[Phrase grounding data]
------------------------------------------------
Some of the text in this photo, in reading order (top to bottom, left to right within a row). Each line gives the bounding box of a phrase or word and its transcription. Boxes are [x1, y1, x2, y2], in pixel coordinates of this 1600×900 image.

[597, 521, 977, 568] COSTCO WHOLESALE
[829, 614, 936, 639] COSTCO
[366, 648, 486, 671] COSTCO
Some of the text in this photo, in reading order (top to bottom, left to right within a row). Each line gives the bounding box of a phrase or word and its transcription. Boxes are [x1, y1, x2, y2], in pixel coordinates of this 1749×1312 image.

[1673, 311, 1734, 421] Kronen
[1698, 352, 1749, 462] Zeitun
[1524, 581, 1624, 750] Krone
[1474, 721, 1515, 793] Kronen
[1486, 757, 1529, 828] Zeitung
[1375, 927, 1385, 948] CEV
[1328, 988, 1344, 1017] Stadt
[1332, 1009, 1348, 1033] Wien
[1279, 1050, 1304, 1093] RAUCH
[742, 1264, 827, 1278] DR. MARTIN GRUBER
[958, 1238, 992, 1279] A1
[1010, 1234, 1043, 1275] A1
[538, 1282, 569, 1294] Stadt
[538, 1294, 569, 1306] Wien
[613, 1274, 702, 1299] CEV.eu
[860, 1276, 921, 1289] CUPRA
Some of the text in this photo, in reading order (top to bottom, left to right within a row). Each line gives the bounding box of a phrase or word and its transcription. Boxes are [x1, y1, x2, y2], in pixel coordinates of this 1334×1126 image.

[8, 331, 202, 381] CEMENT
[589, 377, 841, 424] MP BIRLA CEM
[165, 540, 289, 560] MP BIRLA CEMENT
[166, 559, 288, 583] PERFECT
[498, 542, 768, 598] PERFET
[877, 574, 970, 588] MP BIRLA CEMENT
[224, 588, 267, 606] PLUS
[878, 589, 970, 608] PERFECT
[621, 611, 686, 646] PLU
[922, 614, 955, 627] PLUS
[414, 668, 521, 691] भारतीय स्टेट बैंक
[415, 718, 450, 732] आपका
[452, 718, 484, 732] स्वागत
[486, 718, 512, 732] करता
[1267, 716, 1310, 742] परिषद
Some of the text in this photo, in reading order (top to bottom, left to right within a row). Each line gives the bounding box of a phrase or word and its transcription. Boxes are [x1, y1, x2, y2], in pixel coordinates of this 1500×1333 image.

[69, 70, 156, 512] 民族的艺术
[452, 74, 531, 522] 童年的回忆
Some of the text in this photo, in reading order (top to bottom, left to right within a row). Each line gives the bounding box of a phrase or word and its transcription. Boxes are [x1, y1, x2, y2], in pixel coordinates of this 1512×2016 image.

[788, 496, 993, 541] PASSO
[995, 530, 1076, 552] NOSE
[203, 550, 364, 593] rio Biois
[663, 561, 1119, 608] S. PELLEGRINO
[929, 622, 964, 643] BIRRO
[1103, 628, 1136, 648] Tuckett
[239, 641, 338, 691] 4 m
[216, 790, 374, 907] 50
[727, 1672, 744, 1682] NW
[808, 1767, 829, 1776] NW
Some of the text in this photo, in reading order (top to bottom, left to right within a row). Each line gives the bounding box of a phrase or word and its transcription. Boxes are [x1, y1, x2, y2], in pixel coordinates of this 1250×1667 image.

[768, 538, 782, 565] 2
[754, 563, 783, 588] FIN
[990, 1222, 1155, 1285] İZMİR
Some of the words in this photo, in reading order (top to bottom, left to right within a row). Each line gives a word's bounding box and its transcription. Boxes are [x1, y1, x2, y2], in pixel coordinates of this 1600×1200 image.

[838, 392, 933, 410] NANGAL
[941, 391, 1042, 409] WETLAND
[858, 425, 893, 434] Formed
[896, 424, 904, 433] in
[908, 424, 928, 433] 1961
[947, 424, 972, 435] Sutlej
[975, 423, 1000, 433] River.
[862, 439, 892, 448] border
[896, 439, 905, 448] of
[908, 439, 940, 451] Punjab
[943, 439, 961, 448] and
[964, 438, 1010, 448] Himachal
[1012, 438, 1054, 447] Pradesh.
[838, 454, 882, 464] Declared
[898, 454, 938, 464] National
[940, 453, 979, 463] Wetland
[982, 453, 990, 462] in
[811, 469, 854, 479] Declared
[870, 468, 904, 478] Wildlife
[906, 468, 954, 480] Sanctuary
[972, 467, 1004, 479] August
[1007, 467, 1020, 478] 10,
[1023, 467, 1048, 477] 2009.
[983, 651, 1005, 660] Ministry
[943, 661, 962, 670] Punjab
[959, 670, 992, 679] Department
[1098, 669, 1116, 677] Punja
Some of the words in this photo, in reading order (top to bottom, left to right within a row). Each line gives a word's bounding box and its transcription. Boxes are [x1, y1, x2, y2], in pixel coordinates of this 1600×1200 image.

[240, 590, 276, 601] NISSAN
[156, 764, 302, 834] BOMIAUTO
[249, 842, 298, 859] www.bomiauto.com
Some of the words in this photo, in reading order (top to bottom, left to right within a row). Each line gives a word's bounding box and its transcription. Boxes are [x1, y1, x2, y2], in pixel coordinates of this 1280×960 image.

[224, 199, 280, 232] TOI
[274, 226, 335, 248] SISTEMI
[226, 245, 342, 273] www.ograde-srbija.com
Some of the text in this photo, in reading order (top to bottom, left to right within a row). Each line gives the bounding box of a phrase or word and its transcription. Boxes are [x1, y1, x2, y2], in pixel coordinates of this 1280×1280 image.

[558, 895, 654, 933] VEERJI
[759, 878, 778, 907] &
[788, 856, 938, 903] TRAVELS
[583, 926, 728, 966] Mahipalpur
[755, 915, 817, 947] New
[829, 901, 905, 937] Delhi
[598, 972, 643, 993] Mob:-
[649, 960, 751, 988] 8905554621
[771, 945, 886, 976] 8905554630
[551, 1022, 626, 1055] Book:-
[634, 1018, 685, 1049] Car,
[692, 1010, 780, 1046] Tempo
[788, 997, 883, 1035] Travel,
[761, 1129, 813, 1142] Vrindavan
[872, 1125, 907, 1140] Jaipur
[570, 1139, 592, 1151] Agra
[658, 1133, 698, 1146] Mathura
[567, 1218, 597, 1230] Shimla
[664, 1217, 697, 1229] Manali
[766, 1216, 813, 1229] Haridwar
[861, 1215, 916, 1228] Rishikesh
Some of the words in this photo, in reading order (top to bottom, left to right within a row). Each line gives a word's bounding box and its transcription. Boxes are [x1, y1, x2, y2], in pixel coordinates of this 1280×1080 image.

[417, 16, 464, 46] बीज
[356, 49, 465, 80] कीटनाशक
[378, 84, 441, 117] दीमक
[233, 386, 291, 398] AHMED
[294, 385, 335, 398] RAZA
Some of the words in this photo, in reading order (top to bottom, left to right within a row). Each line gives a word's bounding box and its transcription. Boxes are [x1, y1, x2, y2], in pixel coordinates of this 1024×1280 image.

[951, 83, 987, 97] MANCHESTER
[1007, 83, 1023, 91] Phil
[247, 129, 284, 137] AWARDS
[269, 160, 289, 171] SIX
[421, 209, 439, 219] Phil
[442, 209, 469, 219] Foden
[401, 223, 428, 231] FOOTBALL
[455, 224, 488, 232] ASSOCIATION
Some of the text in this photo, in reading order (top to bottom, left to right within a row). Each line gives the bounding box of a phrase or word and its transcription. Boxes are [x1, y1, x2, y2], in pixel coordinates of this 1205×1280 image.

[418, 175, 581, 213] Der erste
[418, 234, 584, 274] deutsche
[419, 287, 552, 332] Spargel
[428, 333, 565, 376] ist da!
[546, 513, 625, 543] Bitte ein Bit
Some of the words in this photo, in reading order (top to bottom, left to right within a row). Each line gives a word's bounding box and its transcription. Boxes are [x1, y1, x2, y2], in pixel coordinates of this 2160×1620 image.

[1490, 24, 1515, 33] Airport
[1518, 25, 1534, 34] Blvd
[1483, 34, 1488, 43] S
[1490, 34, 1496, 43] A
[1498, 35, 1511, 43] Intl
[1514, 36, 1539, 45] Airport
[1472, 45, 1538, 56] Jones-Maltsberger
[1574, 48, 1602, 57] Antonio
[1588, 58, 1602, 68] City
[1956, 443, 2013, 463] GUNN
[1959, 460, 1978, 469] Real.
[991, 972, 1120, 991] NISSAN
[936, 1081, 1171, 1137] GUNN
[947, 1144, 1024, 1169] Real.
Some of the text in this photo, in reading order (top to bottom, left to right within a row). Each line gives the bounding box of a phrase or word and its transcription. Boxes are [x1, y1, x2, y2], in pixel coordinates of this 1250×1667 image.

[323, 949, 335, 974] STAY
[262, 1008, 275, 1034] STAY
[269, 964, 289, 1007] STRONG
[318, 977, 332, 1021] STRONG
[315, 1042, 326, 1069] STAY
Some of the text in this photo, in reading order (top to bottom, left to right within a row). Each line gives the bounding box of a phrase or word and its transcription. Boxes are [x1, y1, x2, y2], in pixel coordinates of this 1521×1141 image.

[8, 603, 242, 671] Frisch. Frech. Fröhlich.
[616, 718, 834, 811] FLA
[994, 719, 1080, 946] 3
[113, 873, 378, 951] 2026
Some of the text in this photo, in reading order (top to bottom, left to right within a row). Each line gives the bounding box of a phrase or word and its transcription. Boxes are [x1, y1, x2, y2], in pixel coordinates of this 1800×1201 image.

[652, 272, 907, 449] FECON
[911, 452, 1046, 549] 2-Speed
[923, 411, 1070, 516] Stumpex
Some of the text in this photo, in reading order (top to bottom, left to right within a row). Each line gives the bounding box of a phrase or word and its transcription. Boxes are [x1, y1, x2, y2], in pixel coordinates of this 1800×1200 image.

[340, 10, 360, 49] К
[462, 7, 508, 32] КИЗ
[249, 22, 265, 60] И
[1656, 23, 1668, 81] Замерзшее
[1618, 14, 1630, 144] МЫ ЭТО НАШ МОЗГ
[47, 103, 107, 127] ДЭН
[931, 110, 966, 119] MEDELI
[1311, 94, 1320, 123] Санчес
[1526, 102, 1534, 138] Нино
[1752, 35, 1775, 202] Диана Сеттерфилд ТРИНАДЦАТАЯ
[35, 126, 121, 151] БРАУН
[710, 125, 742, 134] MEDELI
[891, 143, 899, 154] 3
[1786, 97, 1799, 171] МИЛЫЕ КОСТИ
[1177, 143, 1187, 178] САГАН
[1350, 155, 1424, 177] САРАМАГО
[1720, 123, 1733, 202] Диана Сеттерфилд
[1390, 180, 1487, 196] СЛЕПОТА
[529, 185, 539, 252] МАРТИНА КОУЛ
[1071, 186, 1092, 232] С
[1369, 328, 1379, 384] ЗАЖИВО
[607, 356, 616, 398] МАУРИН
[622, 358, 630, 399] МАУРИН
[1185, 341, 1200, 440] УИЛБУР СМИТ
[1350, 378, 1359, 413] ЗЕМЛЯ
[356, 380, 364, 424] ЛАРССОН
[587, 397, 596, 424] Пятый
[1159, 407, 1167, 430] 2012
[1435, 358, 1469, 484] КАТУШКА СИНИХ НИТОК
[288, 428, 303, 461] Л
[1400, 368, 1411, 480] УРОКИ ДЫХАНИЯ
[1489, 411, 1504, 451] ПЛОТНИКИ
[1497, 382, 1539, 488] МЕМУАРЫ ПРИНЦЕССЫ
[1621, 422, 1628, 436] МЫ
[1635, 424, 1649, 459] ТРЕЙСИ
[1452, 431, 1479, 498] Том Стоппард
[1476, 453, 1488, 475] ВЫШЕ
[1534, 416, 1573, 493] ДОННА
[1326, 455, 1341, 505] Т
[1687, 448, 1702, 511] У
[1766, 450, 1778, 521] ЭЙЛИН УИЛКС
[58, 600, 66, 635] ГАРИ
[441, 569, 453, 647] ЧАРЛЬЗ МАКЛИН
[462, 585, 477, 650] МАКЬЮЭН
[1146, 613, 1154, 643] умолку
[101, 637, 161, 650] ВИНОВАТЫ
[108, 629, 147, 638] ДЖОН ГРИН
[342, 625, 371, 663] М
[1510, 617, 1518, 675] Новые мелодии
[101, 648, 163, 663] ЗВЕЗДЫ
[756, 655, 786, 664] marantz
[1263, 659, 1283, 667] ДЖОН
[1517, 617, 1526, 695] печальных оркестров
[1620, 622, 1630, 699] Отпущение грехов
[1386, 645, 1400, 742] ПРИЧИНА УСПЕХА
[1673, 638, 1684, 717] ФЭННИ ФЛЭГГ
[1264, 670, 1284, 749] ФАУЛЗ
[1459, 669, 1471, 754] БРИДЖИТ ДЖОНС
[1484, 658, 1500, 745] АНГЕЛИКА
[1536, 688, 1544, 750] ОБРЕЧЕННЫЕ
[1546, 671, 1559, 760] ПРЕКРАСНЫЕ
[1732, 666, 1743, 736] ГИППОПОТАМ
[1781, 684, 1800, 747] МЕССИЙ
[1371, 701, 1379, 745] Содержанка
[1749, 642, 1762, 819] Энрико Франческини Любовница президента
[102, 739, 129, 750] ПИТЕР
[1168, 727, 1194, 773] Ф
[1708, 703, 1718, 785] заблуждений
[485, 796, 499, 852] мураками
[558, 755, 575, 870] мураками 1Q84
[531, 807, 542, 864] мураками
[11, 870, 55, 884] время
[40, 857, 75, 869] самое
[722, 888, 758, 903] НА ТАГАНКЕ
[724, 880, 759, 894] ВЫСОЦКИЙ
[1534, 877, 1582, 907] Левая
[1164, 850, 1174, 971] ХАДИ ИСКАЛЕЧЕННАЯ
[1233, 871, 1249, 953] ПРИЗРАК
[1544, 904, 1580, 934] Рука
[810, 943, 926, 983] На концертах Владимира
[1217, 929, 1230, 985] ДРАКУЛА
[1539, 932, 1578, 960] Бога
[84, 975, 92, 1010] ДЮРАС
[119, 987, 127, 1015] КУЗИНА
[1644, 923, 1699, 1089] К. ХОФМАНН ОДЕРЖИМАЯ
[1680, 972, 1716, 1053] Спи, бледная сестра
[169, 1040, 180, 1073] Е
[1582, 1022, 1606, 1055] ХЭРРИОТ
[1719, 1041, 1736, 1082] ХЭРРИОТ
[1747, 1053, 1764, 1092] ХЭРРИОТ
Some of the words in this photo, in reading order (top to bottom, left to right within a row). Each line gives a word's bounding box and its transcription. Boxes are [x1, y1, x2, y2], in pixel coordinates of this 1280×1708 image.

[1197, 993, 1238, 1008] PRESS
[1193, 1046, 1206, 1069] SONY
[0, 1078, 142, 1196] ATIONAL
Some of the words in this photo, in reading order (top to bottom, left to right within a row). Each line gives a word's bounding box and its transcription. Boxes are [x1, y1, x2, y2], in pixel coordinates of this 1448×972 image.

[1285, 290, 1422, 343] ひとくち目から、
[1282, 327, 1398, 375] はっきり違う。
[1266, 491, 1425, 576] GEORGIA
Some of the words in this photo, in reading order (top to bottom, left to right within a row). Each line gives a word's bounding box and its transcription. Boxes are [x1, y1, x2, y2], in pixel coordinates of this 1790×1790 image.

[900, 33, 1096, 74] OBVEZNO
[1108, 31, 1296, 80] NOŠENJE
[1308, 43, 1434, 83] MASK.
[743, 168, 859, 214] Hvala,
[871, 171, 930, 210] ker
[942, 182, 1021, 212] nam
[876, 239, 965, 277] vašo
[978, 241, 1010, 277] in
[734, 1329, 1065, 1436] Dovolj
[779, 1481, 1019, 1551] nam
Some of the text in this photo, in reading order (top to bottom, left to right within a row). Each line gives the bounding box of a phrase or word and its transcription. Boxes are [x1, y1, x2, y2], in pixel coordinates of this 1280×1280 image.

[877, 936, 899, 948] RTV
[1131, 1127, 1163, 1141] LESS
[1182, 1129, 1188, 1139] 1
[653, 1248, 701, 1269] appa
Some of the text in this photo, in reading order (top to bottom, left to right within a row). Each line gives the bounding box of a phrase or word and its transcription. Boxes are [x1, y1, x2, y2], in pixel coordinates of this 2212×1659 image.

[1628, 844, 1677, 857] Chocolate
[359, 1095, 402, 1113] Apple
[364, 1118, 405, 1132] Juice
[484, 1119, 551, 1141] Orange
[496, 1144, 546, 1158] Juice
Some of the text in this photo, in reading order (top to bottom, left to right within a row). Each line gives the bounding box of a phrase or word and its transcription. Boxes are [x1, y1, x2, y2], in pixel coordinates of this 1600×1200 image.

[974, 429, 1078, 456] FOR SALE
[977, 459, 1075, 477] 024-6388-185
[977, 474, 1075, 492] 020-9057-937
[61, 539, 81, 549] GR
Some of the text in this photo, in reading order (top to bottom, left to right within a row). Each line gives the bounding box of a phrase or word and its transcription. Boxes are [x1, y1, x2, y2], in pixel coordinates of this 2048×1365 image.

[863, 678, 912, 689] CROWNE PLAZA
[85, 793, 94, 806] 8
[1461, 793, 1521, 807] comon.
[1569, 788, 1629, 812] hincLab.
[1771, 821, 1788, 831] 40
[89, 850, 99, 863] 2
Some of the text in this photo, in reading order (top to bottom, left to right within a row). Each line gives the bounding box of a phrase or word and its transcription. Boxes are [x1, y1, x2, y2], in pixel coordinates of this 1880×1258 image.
------------------------------------------------
### PROBLEM TO SOLVE:
The required result is an exact repeat of the records above from the line containing "this 2048×1365 image." to their final line.

### WRITTEN SOLUTION:
Some of the text in this photo, in reading order (top to bottom, left to right within a row). Each line gives the bounding box of a phrase or word and its transcription. Boxes are [x1, y1, x2, y2], in pixel coordinates of this 2048×1365 image.

[863, 678, 912, 689] CROWNE PLAZA
[85, 793, 94, 806] 8
[1461, 793, 1521, 807] comon.
[1569, 788, 1629, 812] hincLab.
[1771, 821, 1788, 831] 40
[89, 850, 99, 863] 2
Some of the text in this photo, in reading order (top to bottom, left to right within a row). Each line gives the bounding box of a phrase or word and its transcription. Boxes are [x1, y1, x2, y2], in pixel coordinates of this 1880×1258 image.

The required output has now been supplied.